Magnetic Resonance Imaging (MRI) is a test that produces detailed, cross-section images from inside your body using radiofrequency waves. At Medstar Radiology Network, these images might be used to identify diseased tissue or abnormal growths within the body, to determine cancer stage progression and to develop a treatment plan.
An MRI is a non-invasive scan that generally requires the patient to remain still for 30-60 minutes inside the MRI tube as the images are taken.
MRI images can be used for the diagnosis of a variety of conditions, and might be ordered for everything from blood clots to internal injuries. The resulting images can be invaluable in cancer diagnosis and treatment planning, though an MRI is not specifically a form of cancer treatment.

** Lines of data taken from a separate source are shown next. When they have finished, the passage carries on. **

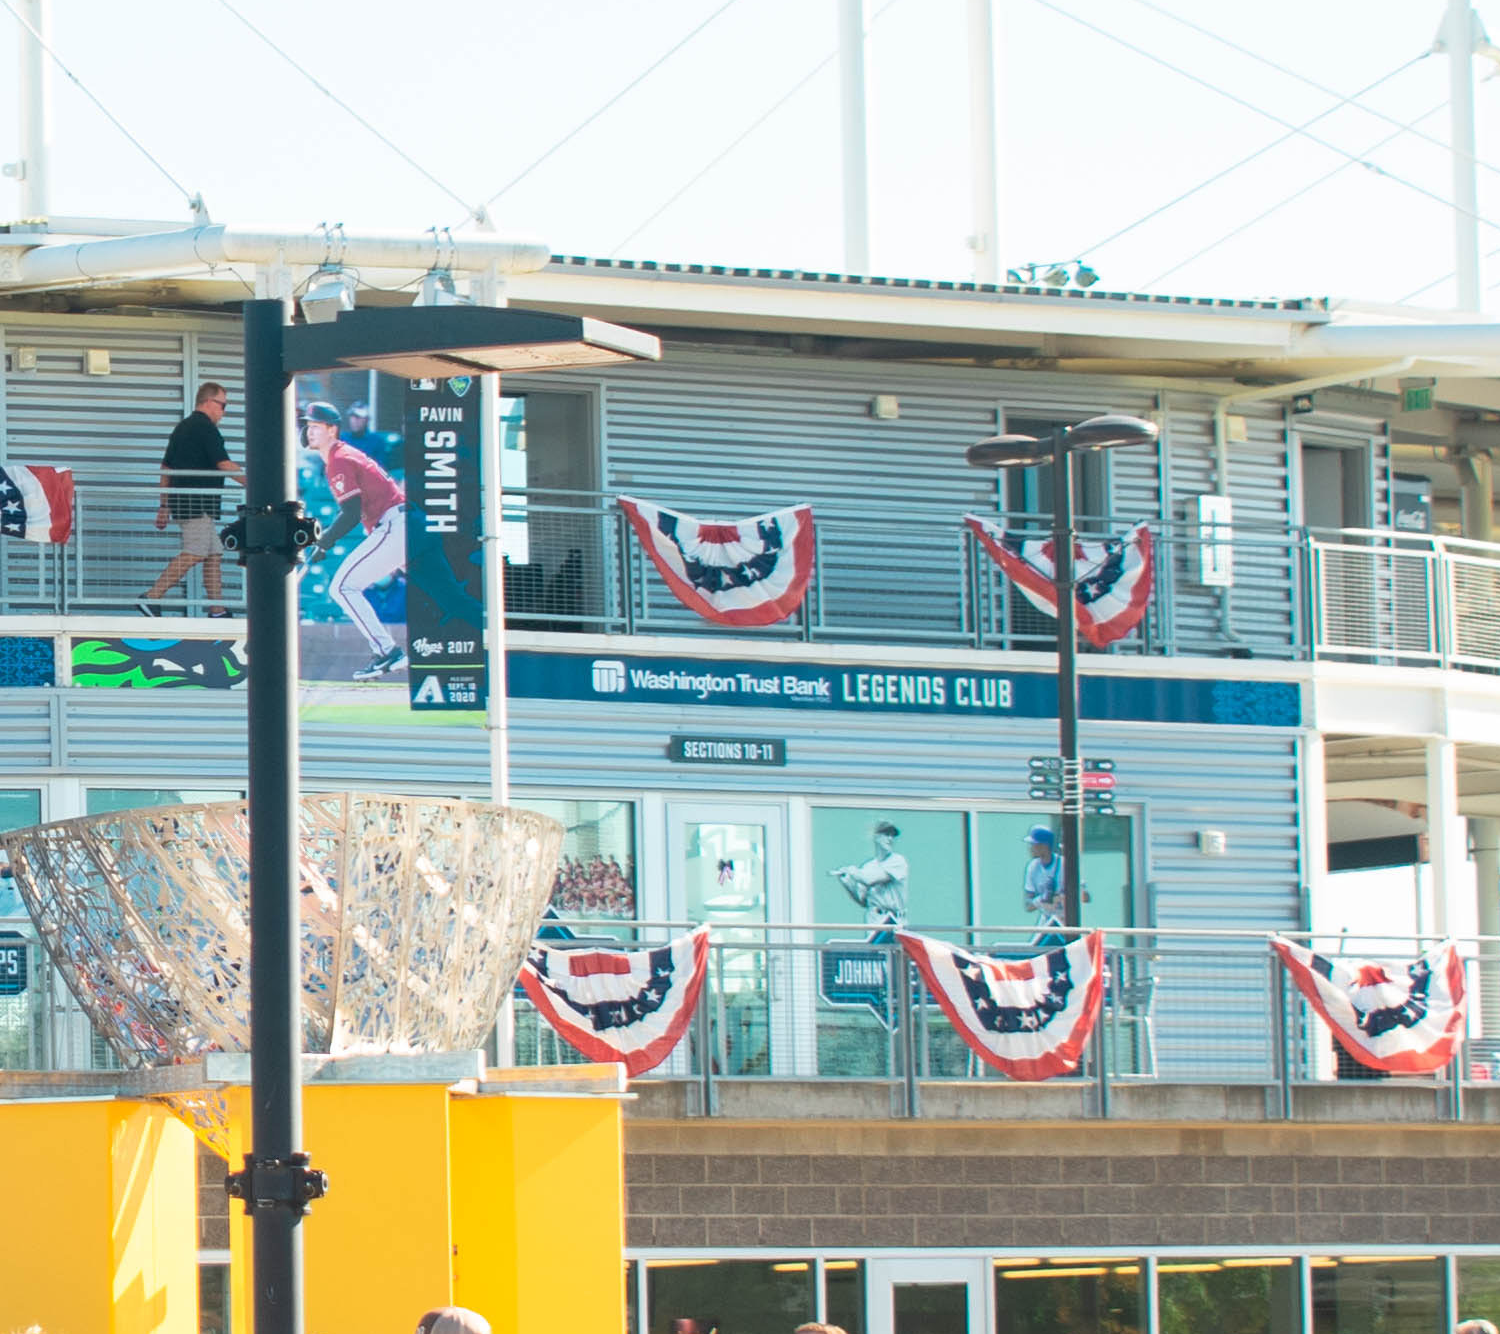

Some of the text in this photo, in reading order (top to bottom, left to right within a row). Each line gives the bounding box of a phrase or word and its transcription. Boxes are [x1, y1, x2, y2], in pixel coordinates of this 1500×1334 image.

[420, 406, 463, 423] PAVIN
[424, 430, 458, 534] SMITH
[412, 636, 477, 657] Hops 2017
[629, 668, 830, 699] Washington Trust Bank
[841, 672, 1013, 709] LEGENDS CLUB
[449, 691, 477, 703] 2020
[683, 740, 774, 761] SECTIONS 10-11

In general, an MRI is able to provide more detailed images than a CT scan when it comes to the soft tissues of the body. As a result, an MRI is more likely to be utilized when there are concerns of cancer spreading to the brain, spine, muscles and connective tissues. Throughout the course of treatment, additional MRIs may be ordered to track the progression of the disease.
Preparing for an MRI
Prior to beginning this test, patients are typically asked to remove any metal or electronic items they may have on them, and they might be required to change into a hospital gown. Once the patient is prepped, they will be asked to lie down on the MRI table and to remain still throughout the duration of the test. In some cases, a contrast dye may be injected, but the test itself is otherwise painless.